- _Prompt_: Nothing but the lines from the line with "this 1322×991 image." through the end of the data is to be copied, and each is to be copied exactly.

- _Supplied data_:
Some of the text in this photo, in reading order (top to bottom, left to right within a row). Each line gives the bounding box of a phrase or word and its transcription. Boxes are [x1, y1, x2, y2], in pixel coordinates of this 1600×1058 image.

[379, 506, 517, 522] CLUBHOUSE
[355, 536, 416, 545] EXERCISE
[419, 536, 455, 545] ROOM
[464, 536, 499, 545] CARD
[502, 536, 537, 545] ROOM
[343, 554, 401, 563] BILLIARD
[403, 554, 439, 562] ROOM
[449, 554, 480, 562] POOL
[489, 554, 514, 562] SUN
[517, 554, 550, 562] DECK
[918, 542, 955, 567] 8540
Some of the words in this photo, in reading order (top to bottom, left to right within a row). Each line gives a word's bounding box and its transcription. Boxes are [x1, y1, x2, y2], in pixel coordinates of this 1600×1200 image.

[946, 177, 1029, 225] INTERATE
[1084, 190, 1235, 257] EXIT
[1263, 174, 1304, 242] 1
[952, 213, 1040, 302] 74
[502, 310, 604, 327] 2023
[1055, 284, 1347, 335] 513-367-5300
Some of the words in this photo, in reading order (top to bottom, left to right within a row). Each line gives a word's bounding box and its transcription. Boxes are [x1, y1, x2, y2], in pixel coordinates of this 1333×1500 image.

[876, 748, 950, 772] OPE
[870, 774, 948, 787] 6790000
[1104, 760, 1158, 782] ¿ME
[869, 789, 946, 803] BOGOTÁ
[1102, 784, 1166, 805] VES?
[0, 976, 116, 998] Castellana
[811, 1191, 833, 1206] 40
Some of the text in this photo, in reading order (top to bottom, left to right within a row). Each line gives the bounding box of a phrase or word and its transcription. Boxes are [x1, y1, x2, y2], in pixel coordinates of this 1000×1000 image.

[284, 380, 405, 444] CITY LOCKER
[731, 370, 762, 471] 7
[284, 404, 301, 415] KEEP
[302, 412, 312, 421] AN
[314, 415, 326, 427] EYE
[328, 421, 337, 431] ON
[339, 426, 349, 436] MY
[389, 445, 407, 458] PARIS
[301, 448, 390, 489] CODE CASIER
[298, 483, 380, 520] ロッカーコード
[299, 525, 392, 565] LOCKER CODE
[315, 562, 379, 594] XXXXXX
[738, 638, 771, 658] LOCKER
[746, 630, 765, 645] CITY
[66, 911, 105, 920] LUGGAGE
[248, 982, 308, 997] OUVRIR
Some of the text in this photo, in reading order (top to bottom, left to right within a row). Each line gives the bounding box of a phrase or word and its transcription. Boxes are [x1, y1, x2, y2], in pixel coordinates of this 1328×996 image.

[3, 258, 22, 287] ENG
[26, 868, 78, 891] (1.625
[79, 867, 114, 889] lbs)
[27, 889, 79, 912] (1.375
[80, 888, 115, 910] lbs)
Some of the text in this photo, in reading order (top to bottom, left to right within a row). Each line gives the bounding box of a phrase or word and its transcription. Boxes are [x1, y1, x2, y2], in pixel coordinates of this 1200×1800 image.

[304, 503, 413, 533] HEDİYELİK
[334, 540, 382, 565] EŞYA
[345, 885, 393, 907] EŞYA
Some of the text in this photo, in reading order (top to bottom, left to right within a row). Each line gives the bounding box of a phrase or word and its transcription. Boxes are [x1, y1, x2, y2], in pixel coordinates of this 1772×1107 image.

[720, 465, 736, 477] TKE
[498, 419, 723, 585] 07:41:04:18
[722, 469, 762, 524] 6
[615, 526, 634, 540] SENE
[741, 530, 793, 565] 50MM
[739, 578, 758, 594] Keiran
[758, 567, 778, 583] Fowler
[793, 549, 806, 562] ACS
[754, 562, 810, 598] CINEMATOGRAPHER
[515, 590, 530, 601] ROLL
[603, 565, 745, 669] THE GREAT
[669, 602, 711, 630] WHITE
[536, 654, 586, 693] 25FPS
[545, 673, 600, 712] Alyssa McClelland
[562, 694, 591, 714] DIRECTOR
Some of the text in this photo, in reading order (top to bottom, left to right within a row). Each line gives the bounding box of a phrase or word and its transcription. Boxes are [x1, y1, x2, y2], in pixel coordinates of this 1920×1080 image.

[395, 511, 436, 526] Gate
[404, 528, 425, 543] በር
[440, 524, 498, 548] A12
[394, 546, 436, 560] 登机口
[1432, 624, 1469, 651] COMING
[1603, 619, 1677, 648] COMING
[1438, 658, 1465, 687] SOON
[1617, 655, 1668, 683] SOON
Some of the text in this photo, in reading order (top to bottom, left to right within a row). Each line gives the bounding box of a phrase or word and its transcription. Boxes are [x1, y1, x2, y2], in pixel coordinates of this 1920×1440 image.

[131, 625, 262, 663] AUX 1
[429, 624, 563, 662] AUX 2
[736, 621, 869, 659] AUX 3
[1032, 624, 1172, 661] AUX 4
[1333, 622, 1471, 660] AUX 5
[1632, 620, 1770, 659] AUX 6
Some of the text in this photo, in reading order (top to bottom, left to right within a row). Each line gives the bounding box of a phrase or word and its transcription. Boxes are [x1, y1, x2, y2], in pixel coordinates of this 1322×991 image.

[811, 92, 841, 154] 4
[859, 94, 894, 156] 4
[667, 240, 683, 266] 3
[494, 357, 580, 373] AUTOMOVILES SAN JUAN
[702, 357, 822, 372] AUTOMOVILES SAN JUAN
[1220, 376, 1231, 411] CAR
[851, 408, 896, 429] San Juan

- _Task answer_:
Some of the text in this photo, in reading order (top to bottom, left to right within a row). Each line gives the bounding box of a phrase or word and its transcription. Boxes are [x1, y1, x2, y2], in pixel coordinates of this 1322×991 image.

[811, 92, 841, 154] 4
[859, 94, 894, 156] 4
[667, 240, 683, 266] 3
[494, 357, 580, 373] AUTOMOVILES SAN JUAN
[702, 357, 822, 372] AUTOMOVILES SAN JUAN
[1220, 376, 1231, 411] CAR
[851, 408, 896, 429] San Juan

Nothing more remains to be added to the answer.